Images for object localization:
━━━━━━━━━━━━━━━━
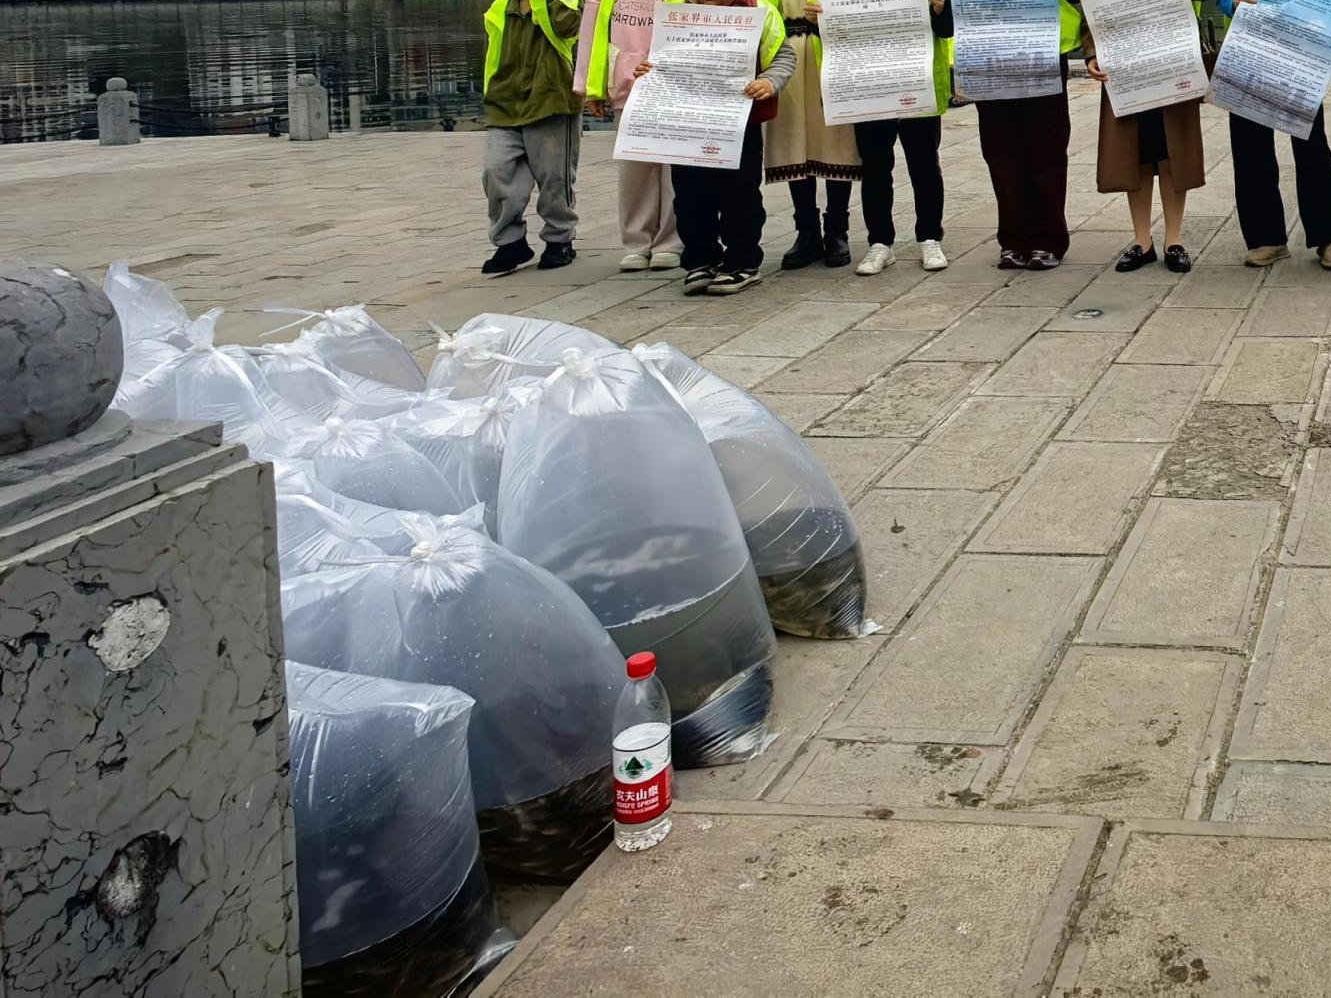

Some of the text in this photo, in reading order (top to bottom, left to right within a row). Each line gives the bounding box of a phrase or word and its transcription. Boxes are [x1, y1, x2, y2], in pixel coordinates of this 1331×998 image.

[612, 11, 654, 26] ARDWA
[668, 10, 753, 25] 张家界市人民政府
[616, 784, 658, 802] 农夫山泉
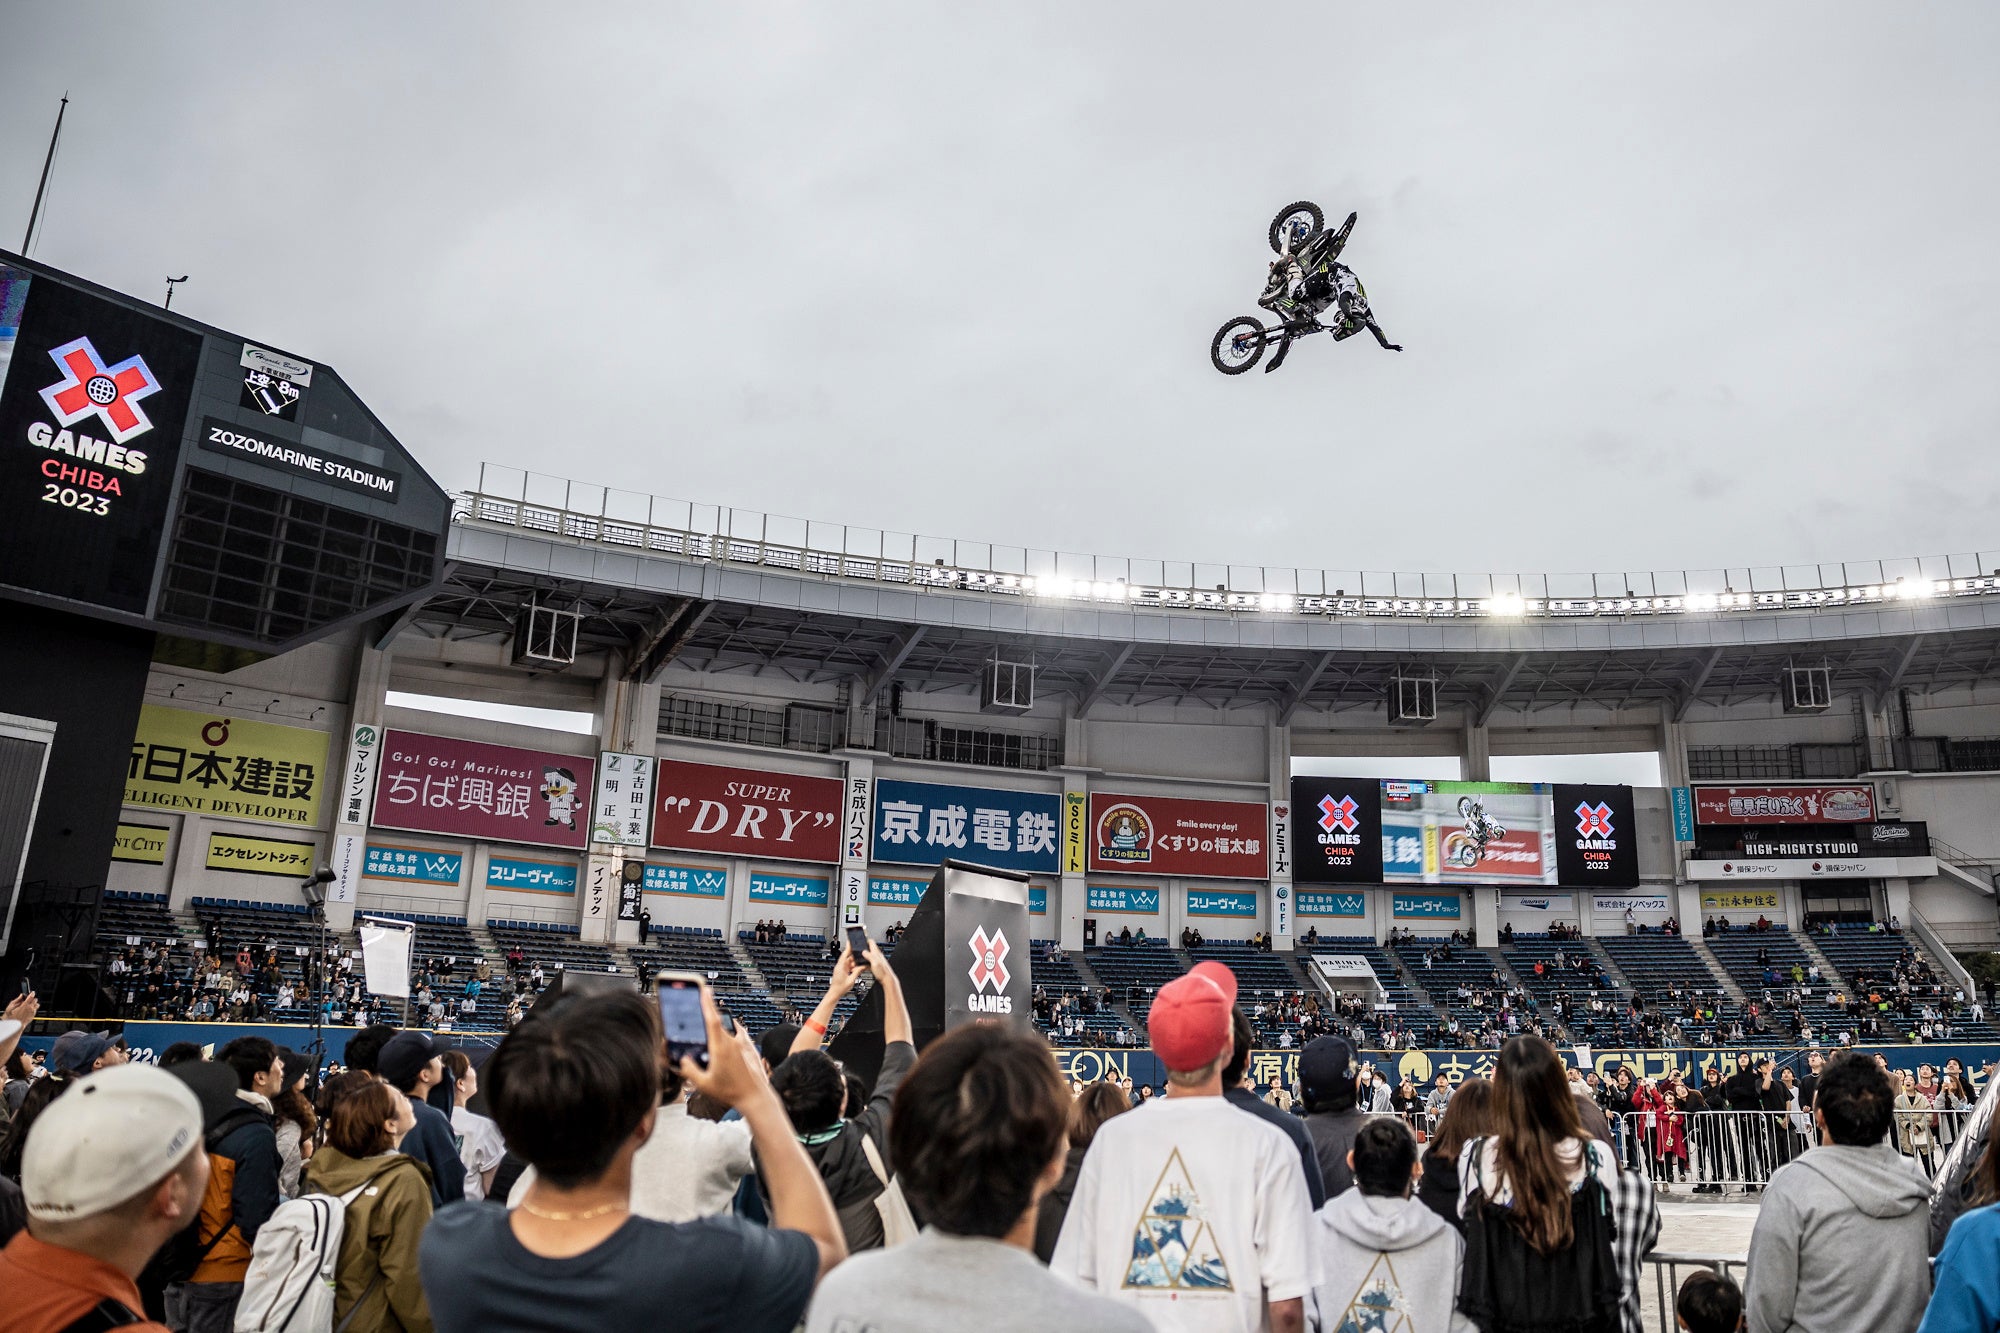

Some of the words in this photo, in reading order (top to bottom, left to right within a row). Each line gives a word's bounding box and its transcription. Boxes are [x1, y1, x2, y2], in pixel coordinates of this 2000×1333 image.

[244, 370, 270, 388] 上空
[27, 421, 148, 475] GAMES
[209, 427, 322, 473] ZOZOMARINE
[323, 461, 394, 493] STADIUM
[41, 459, 122, 496] CHIBA
[42, 484, 111, 516] 2023
[392, 752, 419, 764] Go!
[428, 757, 456, 769] Go!
[463, 761, 532, 780] Marines!
[347, 750, 369, 822] マルシン運輸
[388, 770, 532, 819] ちば興銀
[724, 782, 791, 802] SUPER
[211, 800, 308, 821] DEVELOPER
[628, 776, 645, 836] 吉田工業
[850, 779, 867, 840] 京成バス
[1677, 789, 1688, 839] 文化シャッター
[1730, 797, 1803, 815] 雪見だいふく
[880, 800, 1056, 854] 京成電鉄
[1176, 819, 1198, 828] Smile
[1199, 823, 1221, 831] every
[1221, 823, 1238, 832] day!
[1873, 826, 1909, 840] Marines
[1070, 805, 1079, 871] SCミート
[1157, 834, 1260, 855] くすりの福太郎
[1275, 823, 1289, 872] アミューズ
[1317, 833, 1360, 845] GAMES
[1576, 839, 1617, 850] GAMES
[212, 846, 309, 865] エクセレントシティ
[369, 851, 418, 864] 収益物件
[1101, 849, 1148, 858] くすりの福太郎
[1325, 847, 1355, 856] CHIBA
[1327, 857, 1352, 865] 2023
[1583, 852, 1611, 860] CHIBA
[368, 862, 417, 875] 改修&売買
[646, 868, 688, 879] 収益物件
[1586, 861, 1609, 869] 2023
[1737, 865, 1778, 873] 損保ジャパン
[1825, 864, 1867, 872] 損保ジャパン
[591, 867, 604, 914] イノテック
[646, 879, 687, 890] 改修&売買
[848, 876, 860, 900] coly
[619, 883, 636, 917] 菊屋
[1731, 895, 1777, 906] 永和住宅
[968, 993, 1012, 1013] GAMES
━━━━━━━━━━━━━━━━
Aim of the exercise
Return the entries above exactly as they appear. Pictures should not be copied.

Solution for this problem
Some of the text in this photo, in reading order (top to bottom, left to right within a row). Each line gives the bounding box of a phrase or word and its transcription. Boxes are [x1, y1, x2, y2], in pixel coordinates of this 1331×998 image.

[612, 11, 654, 26] ARDWA
[668, 10, 753, 25] 张家界市人民政府
[616, 784, 658, 802] 农夫山泉

Some of the words in this photo, in reading order (top to bottom, left to right within a row). Each line gives a word's bounding box and its transcription. Boxes are [x1, y1, x2, y2], in pixel coordinates of this 2000×1333 image.

[244, 370, 270, 388] 上空
[27, 421, 148, 475] GAMES
[209, 427, 322, 473] ZOZOMARINE
[323, 461, 394, 493] STADIUM
[41, 459, 122, 496] CHIBA
[42, 484, 111, 516] 2023
[392, 752, 419, 764] Go!
[428, 757, 456, 769] Go!
[463, 761, 532, 780] Marines!
[347, 750, 369, 822] マルシン運輸
[388, 770, 532, 819] ちば興銀
[724, 782, 791, 802] SUPER
[211, 800, 308, 821] DEVELOPER
[628, 776, 645, 836] 吉田工業
[850, 779, 867, 840] 京成バス
[1677, 789, 1688, 839] 文化シャッター
[1730, 797, 1803, 815] 雪見だいふく
[880, 800, 1056, 854] 京成電鉄
[1176, 819, 1198, 828] Smile
[1199, 823, 1221, 831] every
[1221, 823, 1238, 832] day!
[1873, 826, 1909, 840] Marines
[1070, 805, 1079, 871] SCミート
[1157, 834, 1260, 855] くすりの福太郎
[1275, 823, 1289, 872] アミューズ
[1317, 833, 1360, 845] GAMES
[1576, 839, 1617, 850] GAMES
[212, 846, 309, 865] エクセレントシティ
[369, 851, 418, 864] 収益物件
[1101, 849, 1148, 858] くすりの福太郎
[1325, 847, 1355, 856] CHIBA
[1327, 857, 1352, 865] 2023
[1583, 852, 1611, 860] CHIBA
[368, 862, 417, 875] 改修&売買
[646, 868, 688, 879] 収益物件
[1586, 861, 1609, 869] 2023
[1737, 865, 1778, 873] 損保ジャパン
[1825, 864, 1867, 872] 損保ジャパン
[591, 867, 604, 914] イノテック
[646, 879, 687, 890] 改修&売買
[848, 876, 860, 900] coly
[619, 883, 636, 917] 菊屋
[1731, 895, 1777, 906] 永和住宅
[968, 993, 1012, 1013] GAMES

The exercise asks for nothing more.